Oligonucleotides containing 2'-O-methylated 5-methylisocytidine (3) and 2'-O-propargyl-5-methylisocytidine (4) as well as the non-functionalized 5-methyl-2'-deoxyisocytidine (1b) were synthesized. MALDI-TOF mass spectra of oligonucleotides containing 1b are susceptible to a stepwise depyrimidination. In contrast, oligonucleotides incorporating 2'-O-alkylated nucleosides 3 and 4 are stable. This is supported by acid catalyzed hydrolysis experiments performed on nucleosides in solution. 2'-O-Alkylated nucleoside 3 was synthesized from 2'-O-5-dimethyluridine via tosylation, anhydro nucleoside formation and ring opening. The corresponding 4 was obtained by direct regioselective alkylation of 5-methylisocytidine (1d) with propargyl bromide under phase-transfer conditions. Both compounds were converted to phosphoramidites and employed in solid-phase oligonucleotide synthesis. Hybridization experiments resulted in duplexes with antiparallel or parallel chains.
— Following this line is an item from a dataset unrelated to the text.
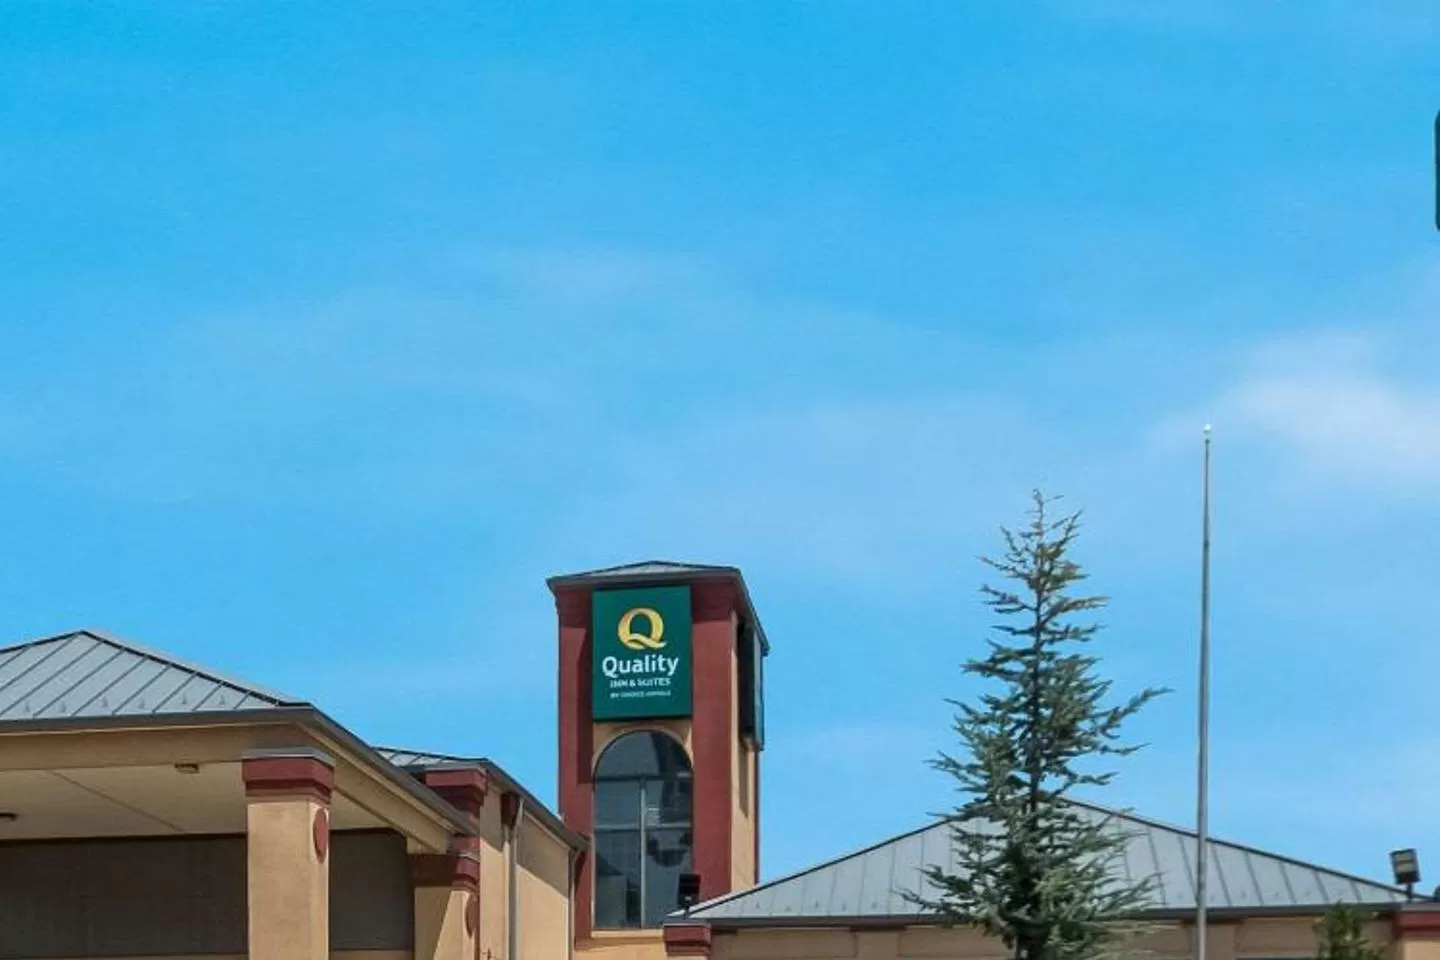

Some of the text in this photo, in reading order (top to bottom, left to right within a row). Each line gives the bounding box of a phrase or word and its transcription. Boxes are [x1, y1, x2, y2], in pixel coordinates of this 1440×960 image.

In parallel duplexes, methylation or propargylation of the 2'-hydroxyl group of isocytidine leads to destabilization while in antiparallel DNA this effect is less pronounced. 2'-O-Propargylated 4 was used to cross-link nucleosides and oligonucleotides to homodimers by a stepwise click ligation with a bifunctional azide.